• EXERCISE REQUIREMENTS
Leave the pictures out and restate every line below exactly.

• DATASET RECORDS
____________________
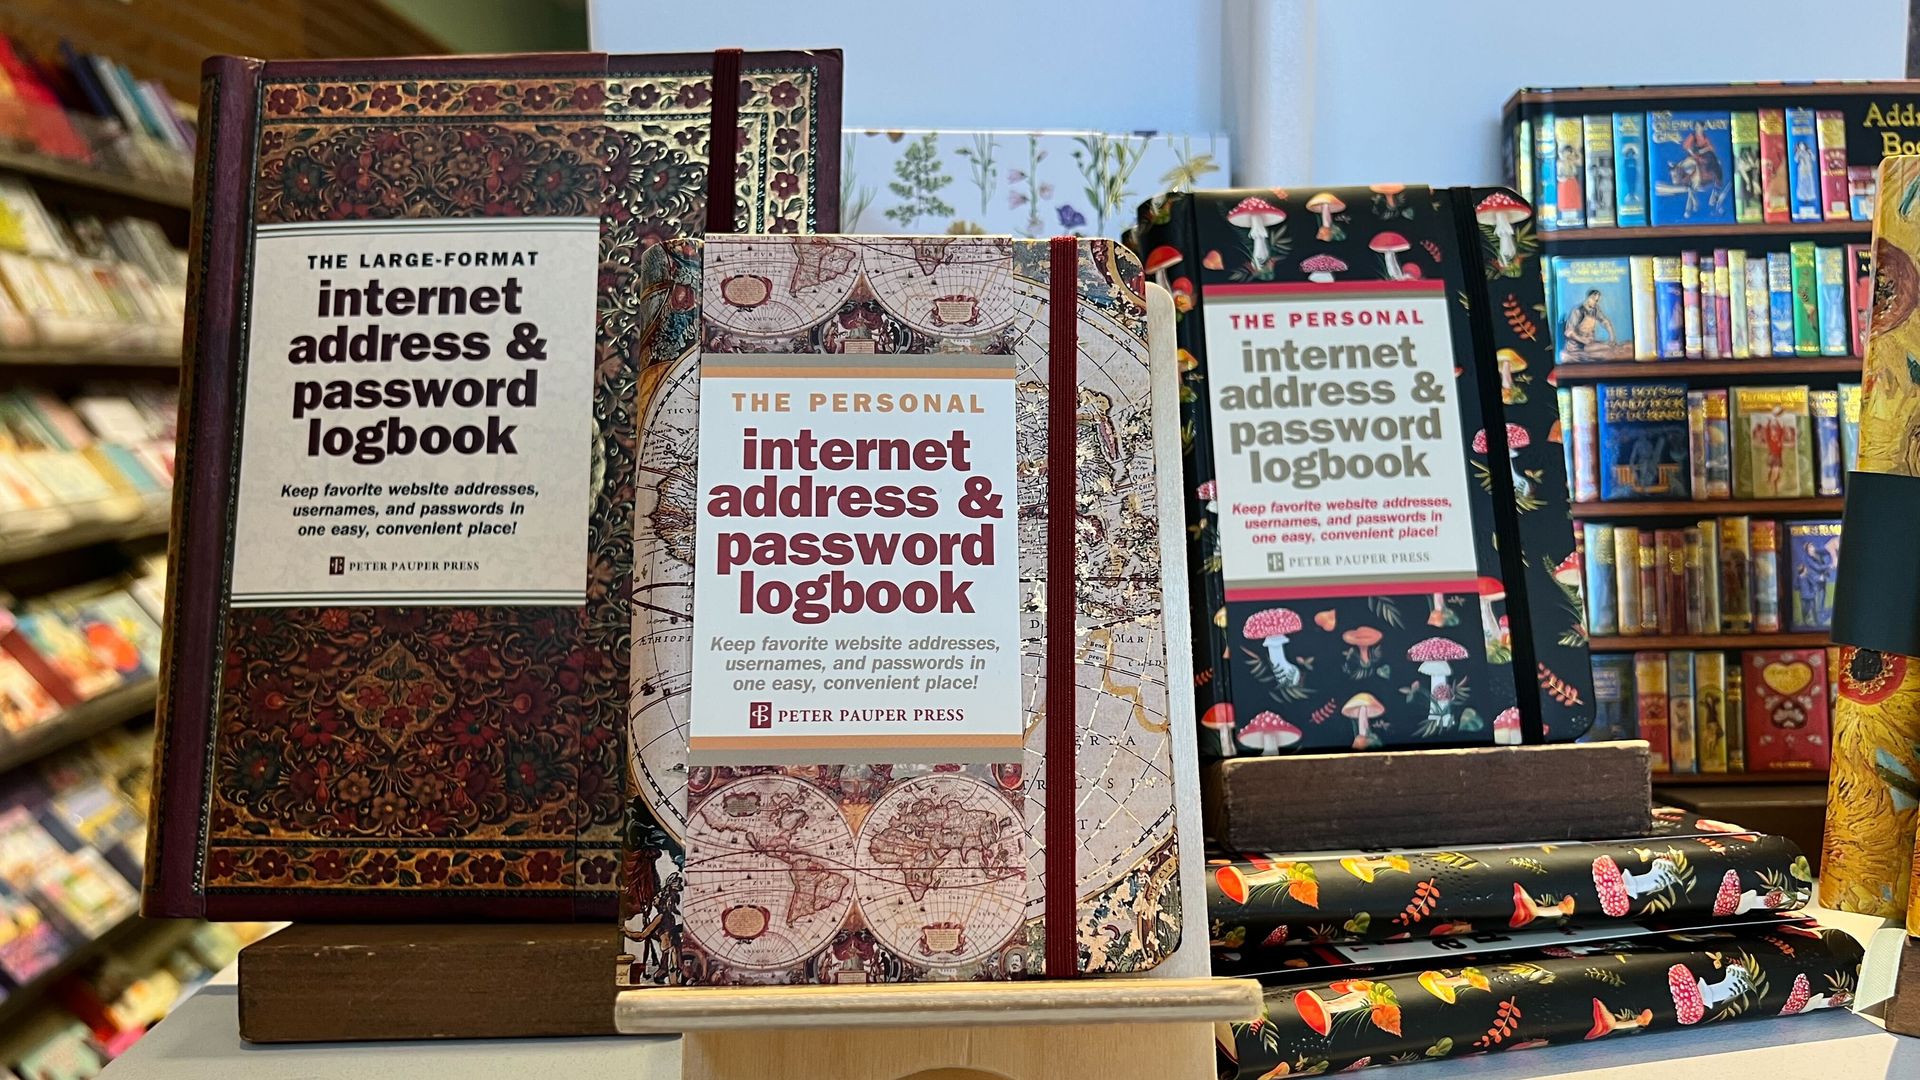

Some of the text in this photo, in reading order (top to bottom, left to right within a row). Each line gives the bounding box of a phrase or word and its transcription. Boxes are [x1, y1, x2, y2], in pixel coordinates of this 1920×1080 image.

[308, 252, 538, 269] THE LARGE-FORMAT
[318, 278, 522, 317] internet
[1230, 310, 1423, 329] THE PERSONAL
[288, 322, 547, 364] address &
[1242, 336, 1417, 373] internet
[293, 369, 537, 419] password
[1220, 371, 1445, 410] address &
[732, 393, 984, 413] THE PERSONAL
[308, 416, 517, 465] logbook
[1230, 408, 1442, 454] password
[744, 428, 970, 471] internet
[1250, 445, 1430, 489] logbook
[281, 482, 538, 499] Keep favorite website addresses,
[707, 475, 1003, 518] address &
[293, 502, 524, 518] usernames, and passwords in
[1232, 497, 1451, 516] Keep favorite website addresses,
[1245, 510, 1442, 529] usernames, and passwords in
[298, 522, 517, 538] one easy, convenient place!
[1252, 525, 1438, 544] one easy, convenient place!
[717, 524, 994, 575] password
[350, 562, 479, 571] PETER PAUPER PRESS
[1289, 552, 1429, 567] PETER PAUPER PRESS
[740, 571, 975, 624] logbook
[711, 636, 999, 654] Keep favorite website addresses,
[726, 655, 985, 673] usernames, and passwords in
[733, 675, 978, 693] one easy, convenient place!
[779, 709, 963, 722] PETER PAUPER PRESS
____________________
• ANSWER TO THIS TASK
Some of the text in this photo, in reading order (top to bottom, left to right within a row). Each line gives the bounding box of a phrase or word and its transcription. Boxes are [x1, y1, x2, y2], in pixel coordinates of this 1920×1080 image.

[308, 252, 538, 269] THE LARGE-FORMAT
[318, 278, 522, 317] internet
[1230, 310, 1423, 329] THE PERSONAL
[288, 322, 547, 364] address &
[1242, 336, 1417, 373] internet
[293, 369, 537, 419] password
[1220, 371, 1445, 410] address &
[732, 393, 984, 413] THE PERSONAL
[308, 416, 517, 465] logbook
[1230, 408, 1442, 454] password
[744, 428, 970, 471] internet
[1250, 445, 1430, 489] logbook
[281, 482, 538, 499] Keep favorite website addresses,
[707, 475, 1003, 518] address &
[293, 502, 524, 518] usernames, and passwords in
[1232, 497, 1451, 516] Keep favorite website addresses,
[1245, 510, 1442, 529] usernames, and passwords in
[298, 522, 517, 538] one easy, convenient place!
[1252, 525, 1438, 544] one easy, convenient place!
[717, 524, 994, 575] password
[350, 562, 479, 571] PETER PAUPER PRESS
[1289, 552, 1429, 567] PETER PAUPER PRESS
[740, 571, 975, 624] logbook
[711, 636, 999, 654] Keep favorite website addresses,
[726, 655, 985, 673] usernames, and passwords in
[733, 675, 978, 693] one easy, convenient place!
[779, 709, 963, 722] PETER PAUPER PRESS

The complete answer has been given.